Cet article explique comment surveiller et suivre les modifications apportées aux groupes de regroupements de règles de pare-feu Azure à l’aide d’Azure Resource Graph. Le suivi des modifications vous permet de maintenir la conformité de la sécurité, d’auditer les modifications de configuration et de résoudre les problèmes en fournissant un historique détaillé des modifications du jeu de règles.

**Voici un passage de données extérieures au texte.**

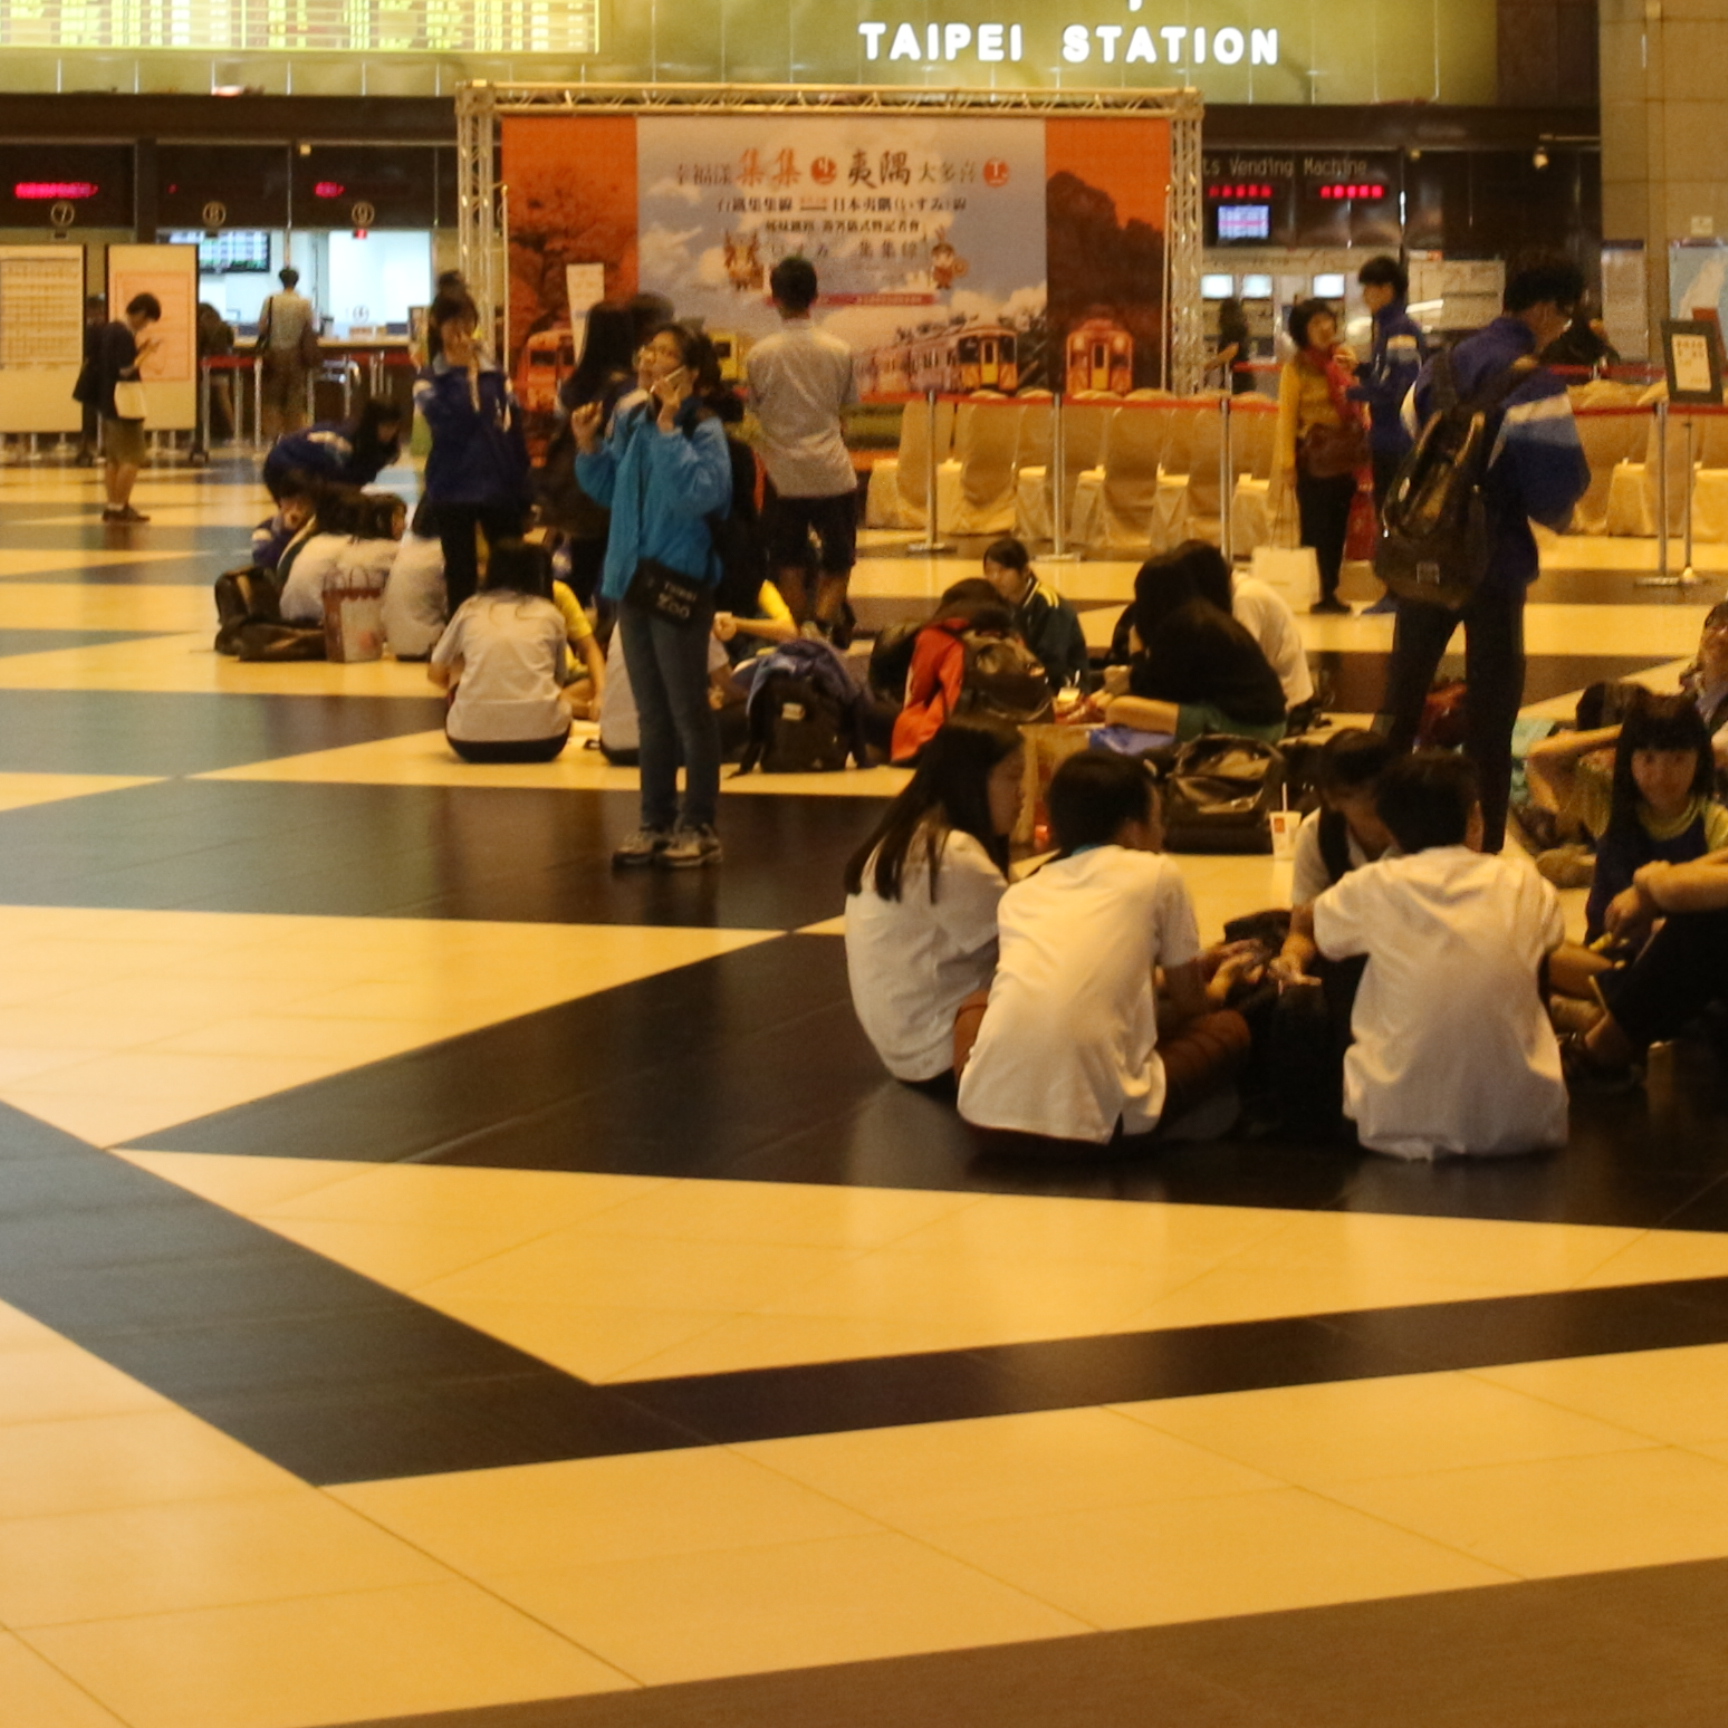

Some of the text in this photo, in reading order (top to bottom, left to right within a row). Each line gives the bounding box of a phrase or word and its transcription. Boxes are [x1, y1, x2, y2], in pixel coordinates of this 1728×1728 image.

[859, 21, 1280, 66] TAIPEI STATION
[1229, 156, 1294, 178] Vending
[1303, 156, 1369, 177] Machine

Azure Resource Graph fournit des données d’analyse des modifications qui vous aident à suivre quand des modifications ont été détectées sur des groupes de collecte de règles de pare-feu Azure. Vous pouvez afficher les détails des modifications de propriété et soumettre des requêtes concernant les changements à grande échelle dans votre abonnement, groupe d’administration ou locataire.

Le suivi des modifications pour les groupes de regroupements de règles de pare-feu Azure vous permet de :

• Surveiller les modifications de configuration : suivre toutes les modifications apportées aux règles et stratégies de pare-feu
• Maintenir la conformité : générer des pistes d’audit pour les exigences de sécurité et de conformité
• Résoudre les problèmes : identifier quand des modifications ont été apportées susceptibles d’affecter la connectivité
• Analyser les tendances : Comprendre les modèles dans les modifications de règle au fil du temps

Prerequisites

Avant de pouvoir suivre les modifications apportées au jeu de règles, vérifiez que vous répondez aux exigences suivantes :

• Vous disposez d’un Pare-feu Azure avec des groupes de regroupements de règles configurés
• Vous disposez des autorisations appropriées pour accéder à Azure Resource Graph
• Votre Pare-feu Azure utilise Azure Firewall Policy (et non des règles classiques)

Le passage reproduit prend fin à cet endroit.